Top of DATA RECORDS

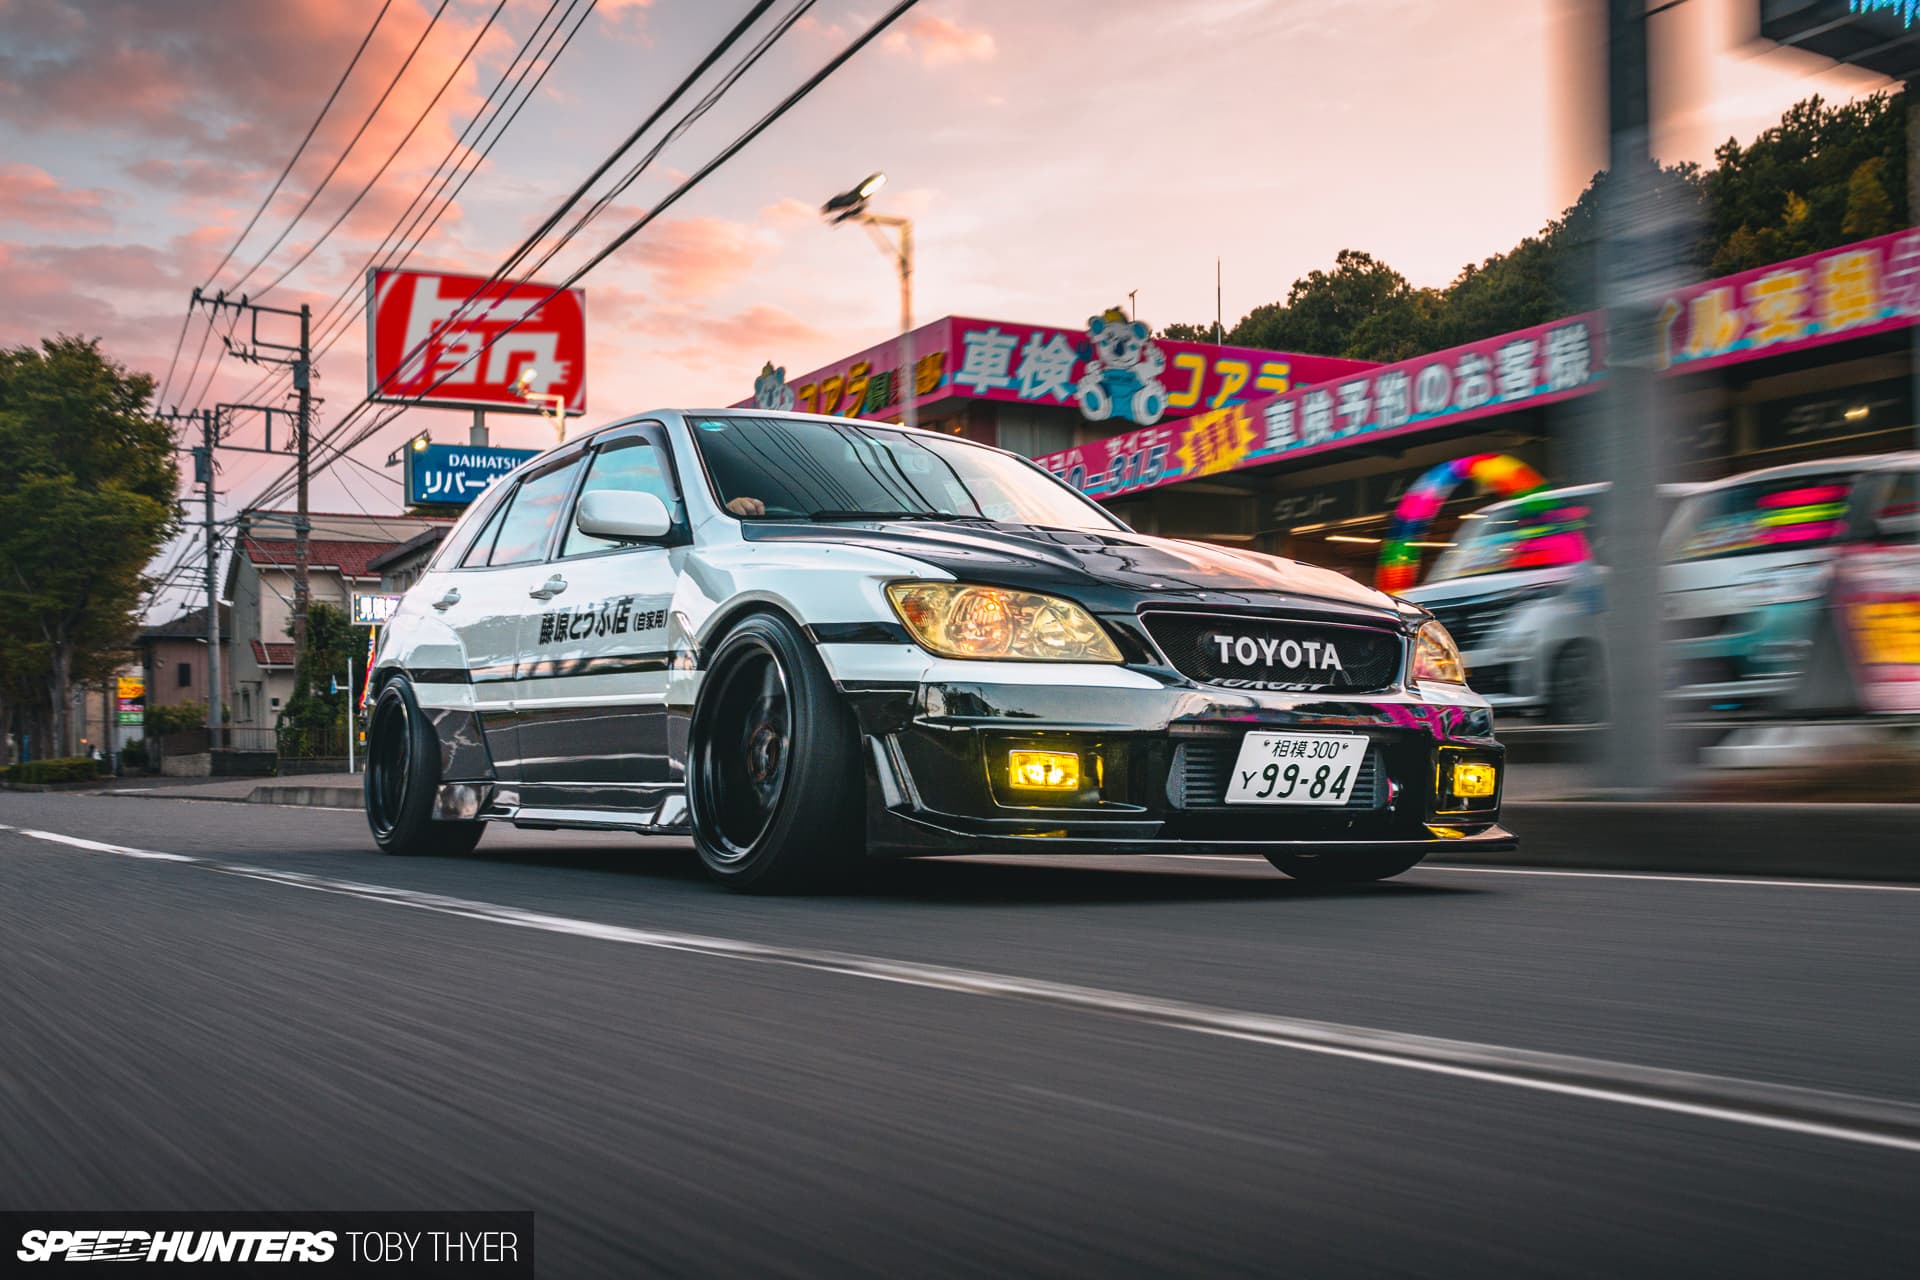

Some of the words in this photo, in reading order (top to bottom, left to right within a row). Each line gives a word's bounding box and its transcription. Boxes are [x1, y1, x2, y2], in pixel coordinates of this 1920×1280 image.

[954, 327, 1078, 403] 車検
[449, 454, 521, 470] DAIHATSU
[539, 596, 635, 645] 藤原とうふ店
[1214, 635, 1342, 671] TOYOTA
[1256, 763, 1352, 800] 99-84
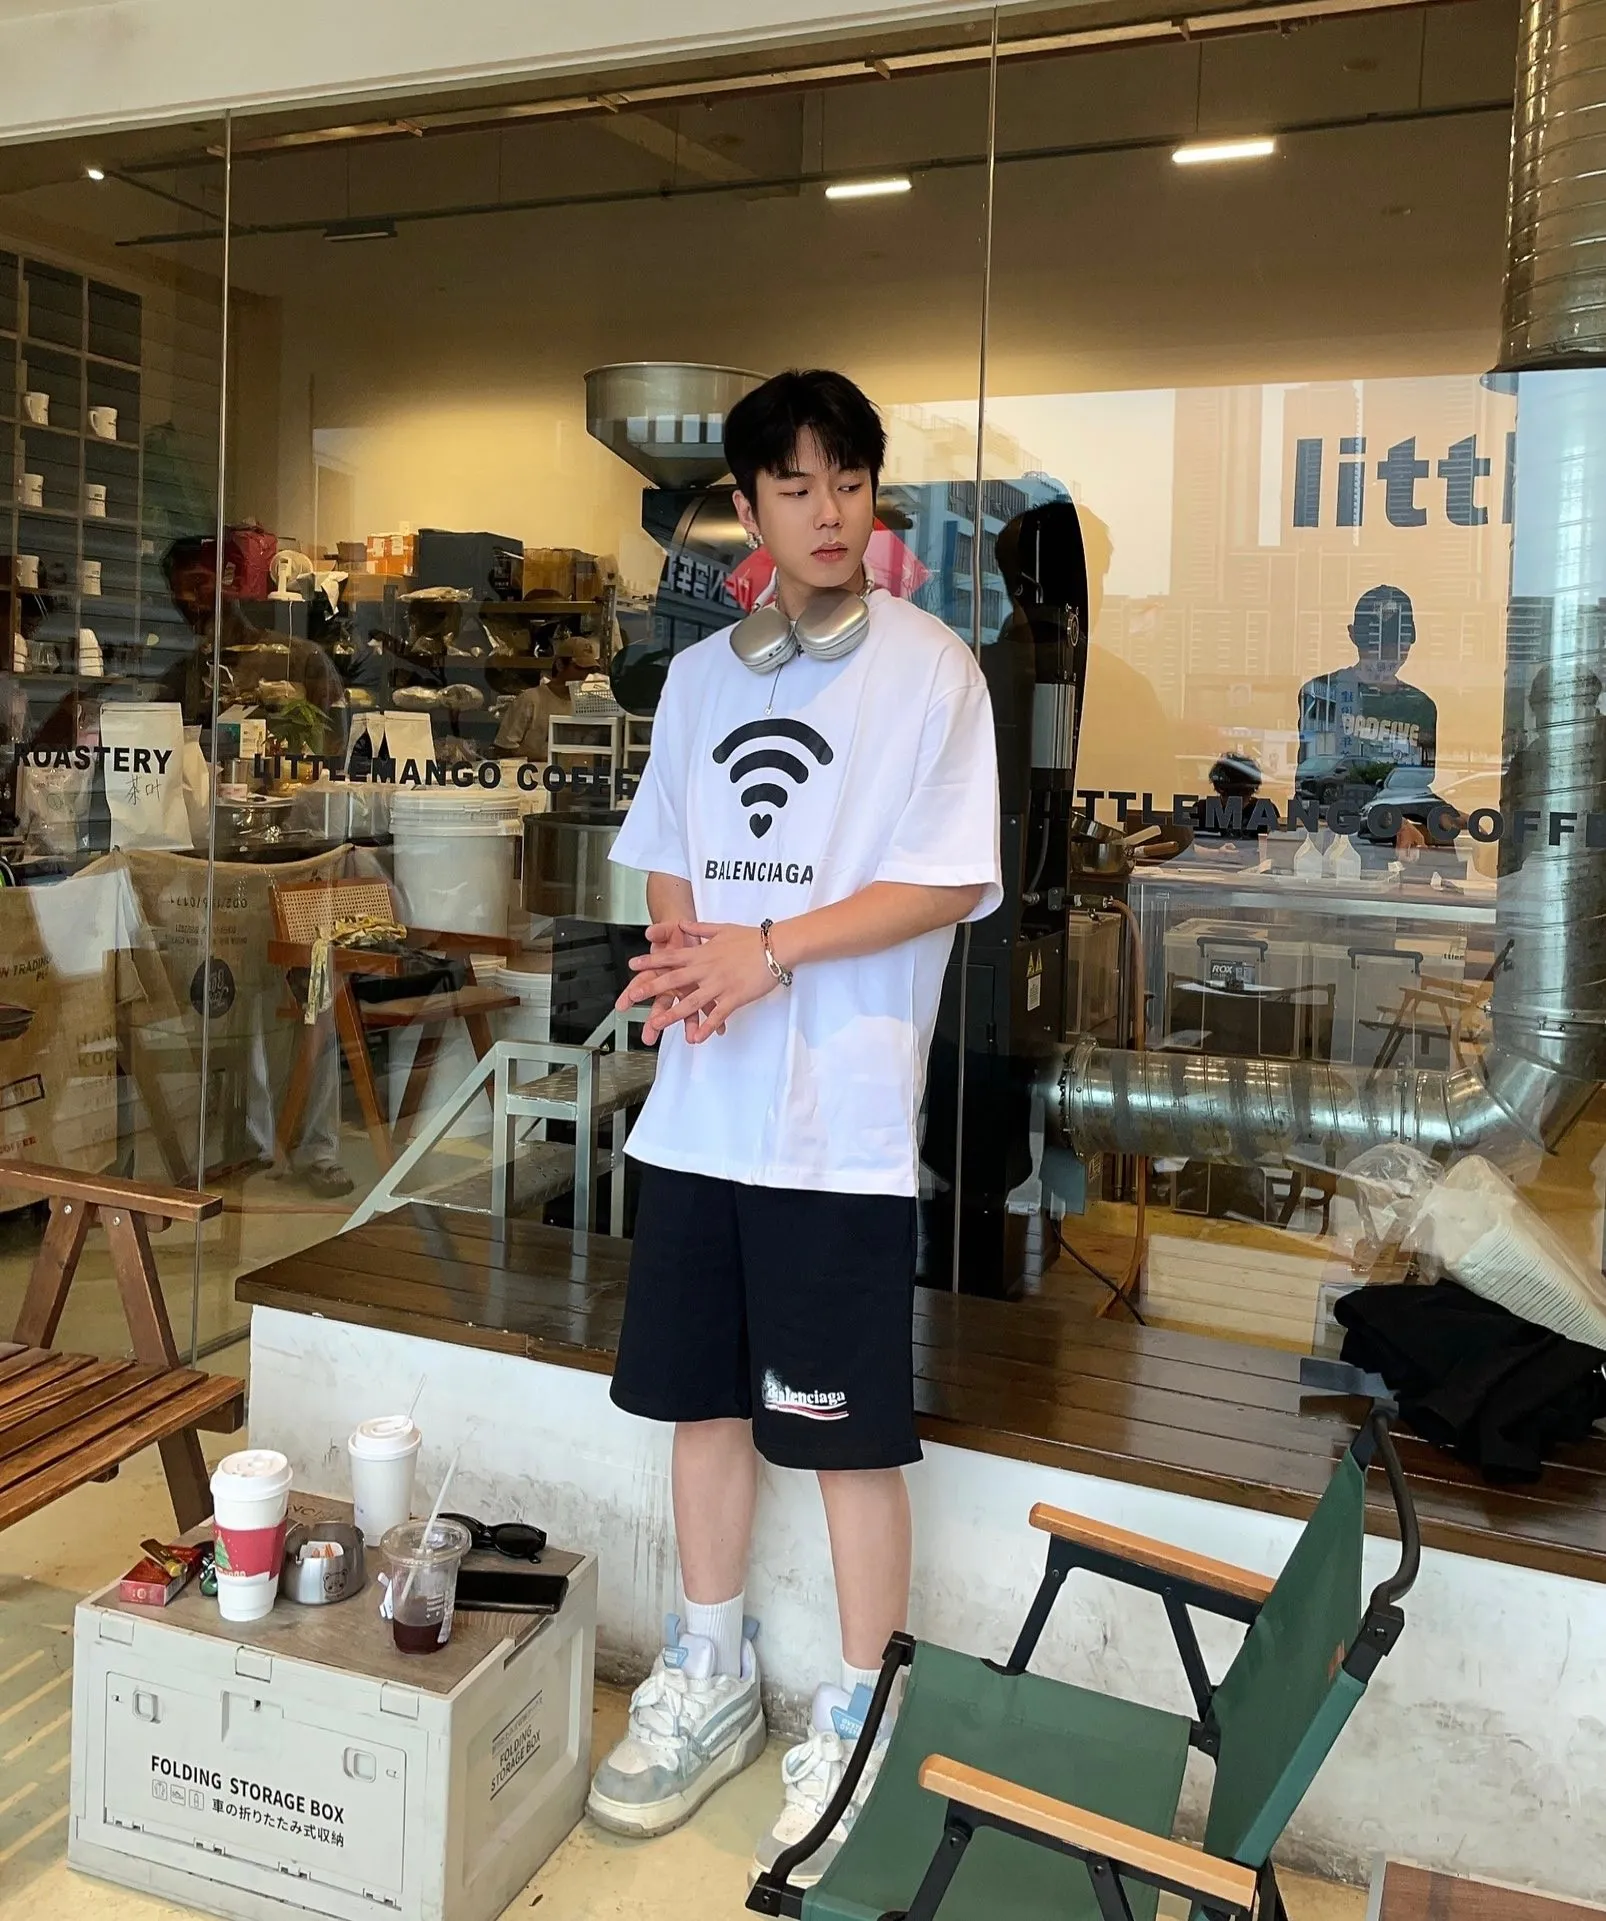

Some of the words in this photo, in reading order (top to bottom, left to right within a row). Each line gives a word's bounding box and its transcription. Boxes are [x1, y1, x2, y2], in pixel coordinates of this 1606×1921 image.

[14, 743, 172, 774] ROASTERY
[254, 753, 501, 789] LITTLEMANGO
[1060, 789, 1402, 837] TTLEMANGO
[704, 859, 814, 885] BALENCIAGA
[1212, 964, 1233, 974] ROX
[490, 1746, 526, 1793] STORAGE
[526, 1729, 541, 1755] BOX
[500, 1724, 532, 1768] FOLDING
[151, 1755, 222, 1790] FOLDING
[229, 1777, 306, 1814] STORAGE
[310, 1799, 345, 1825] BOX
[211, 1797, 345, 1848] 車の折りたたみ式収納

Bottom of DATA RECORDS

WHAT IS EXPECTED: Please print each entry exactly as it stands, without the pictures.

REPLY:
Some of the words in this photo, in reading order (top to bottom, left to right within a row). Each line gives a word's bounding box and its transcription. Boxes are [x1, y1, x2, y2], in pixel coordinates of this 1920×1280 image.

[954, 327, 1078, 403] 車検
[449, 454, 521, 470] DAIHATSU
[539, 596, 635, 645] 藤原とうふ店
[1214, 635, 1342, 671] TOYOTA
[1256, 763, 1352, 800] 99-84

Some of the words in this photo, in reading order (top to bottom, left to right within a row). Each line gives a word's bounding box and its transcription. Boxes are [x1, y1, x2, y2], in pixel coordinates of this 1606×1921 image.

[14, 743, 172, 774] ROASTERY
[254, 753, 501, 789] LITTLEMANGO
[1060, 789, 1402, 837] TTLEMANGO
[704, 859, 814, 885] BALENCIAGA
[1212, 964, 1233, 974] ROX
[490, 1746, 526, 1793] STORAGE
[526, 1729, 541, 1755] BOX
[500, 1724, 532, 1768] FOLDING
[151, 1755, 222, 1790] FOLDING
[229, 1777, 306, 1814] STORAGE
[310, 1799, 345, 1825] BOX
[211, 1797, 345, 1848] 車の折りたたみ式収納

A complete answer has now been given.